WHAT THE TASK REQUIRES> Write each line below back out exactly, omitting its pictures.

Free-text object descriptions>
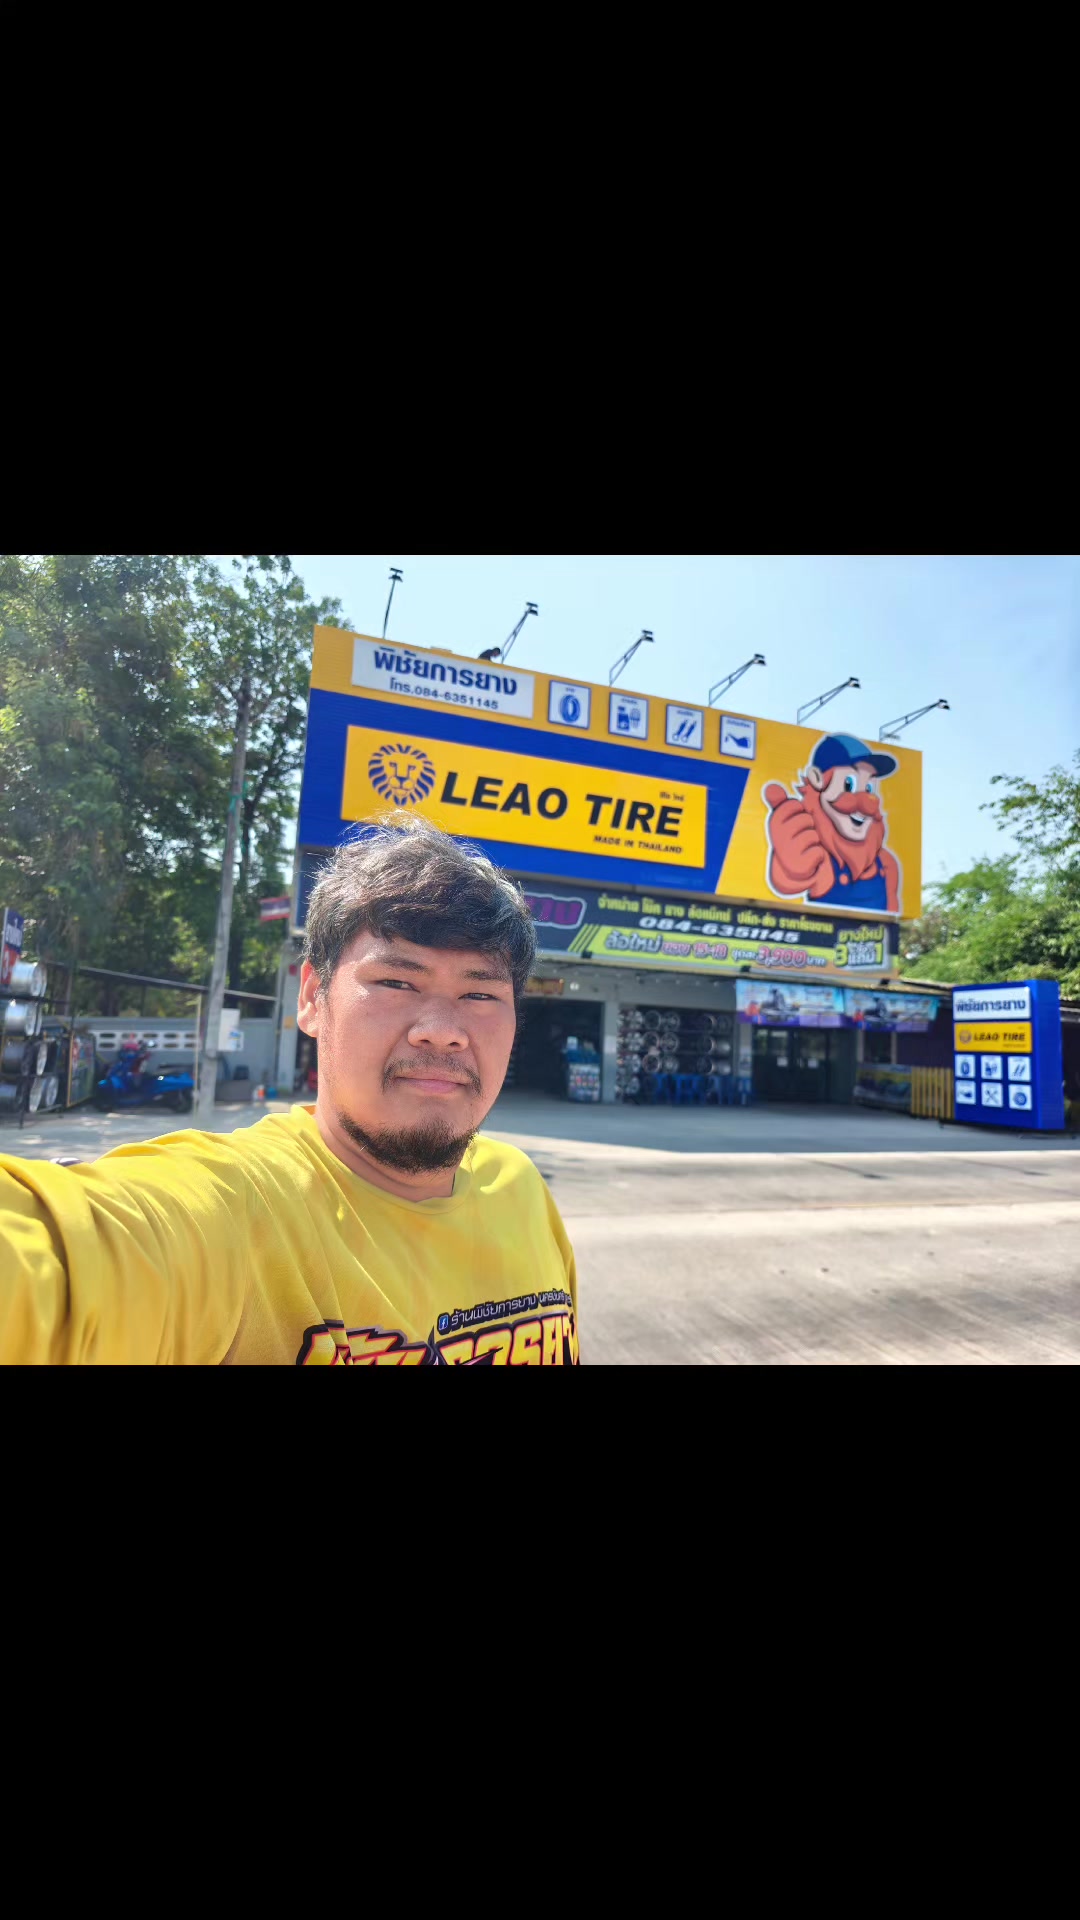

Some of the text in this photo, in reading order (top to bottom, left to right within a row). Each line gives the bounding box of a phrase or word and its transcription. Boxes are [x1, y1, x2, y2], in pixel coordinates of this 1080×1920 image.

[373, 646, 517, 696] พิชัยการยาง
[440, 771, 683, 838] LEAO TIRE
[593, 835, 683, 854] MADE IN THAILAND
[639, 916, 800, 943] 084-6351145
[973, 1032, 1025, 1041] LEAO TIRE
[451, 1295, 536, 1326] ร้านพิชัยการยาง
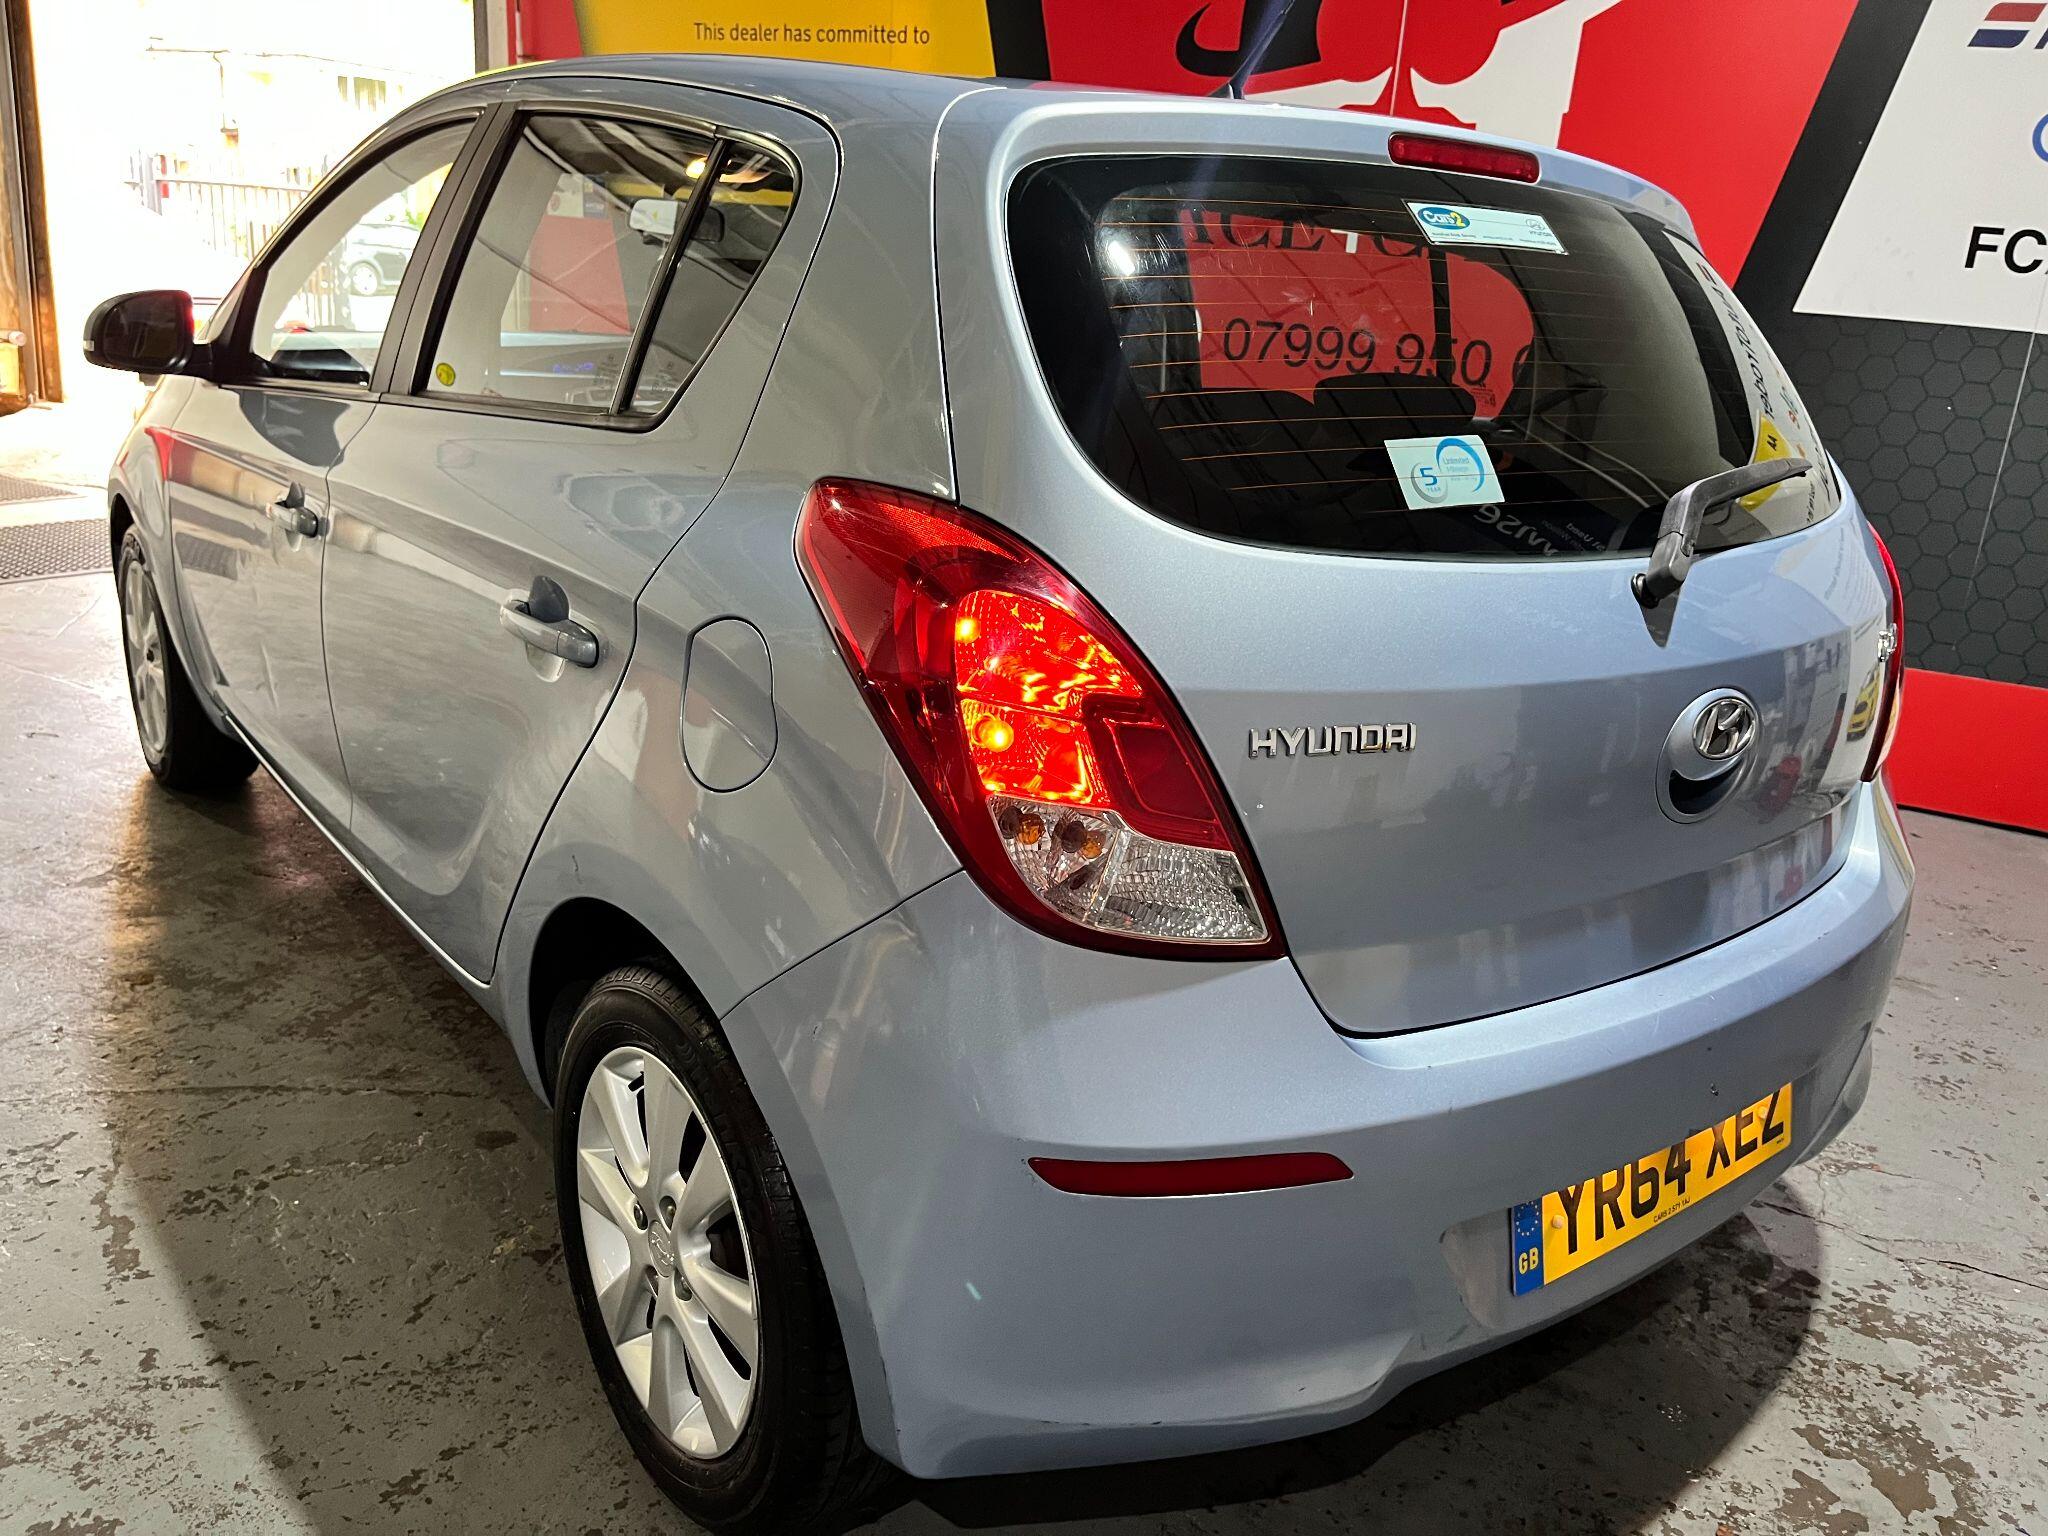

TASK RESULT>
Some of the text in this photo, in reading order (top to bottom, left to right within a row). Each line gives the bounding box of a phrase or word and its transcription. Boxes are [x1, y1, x2, y2], in pixel coordinates of this 1080×1920 image.

[373, 646, 517, 696] พิชัยการยาง
[440, 771, 683, 838] LEAO TIRE
[593, 835, 683, 854] MADE IN THAILAND
[639, 916, 800, 943] 084-6351145
[973, 1032, 1025, 1041] LEAO TIRE
[451, 1295, 536, 1326] ร้านพิชัยการยาง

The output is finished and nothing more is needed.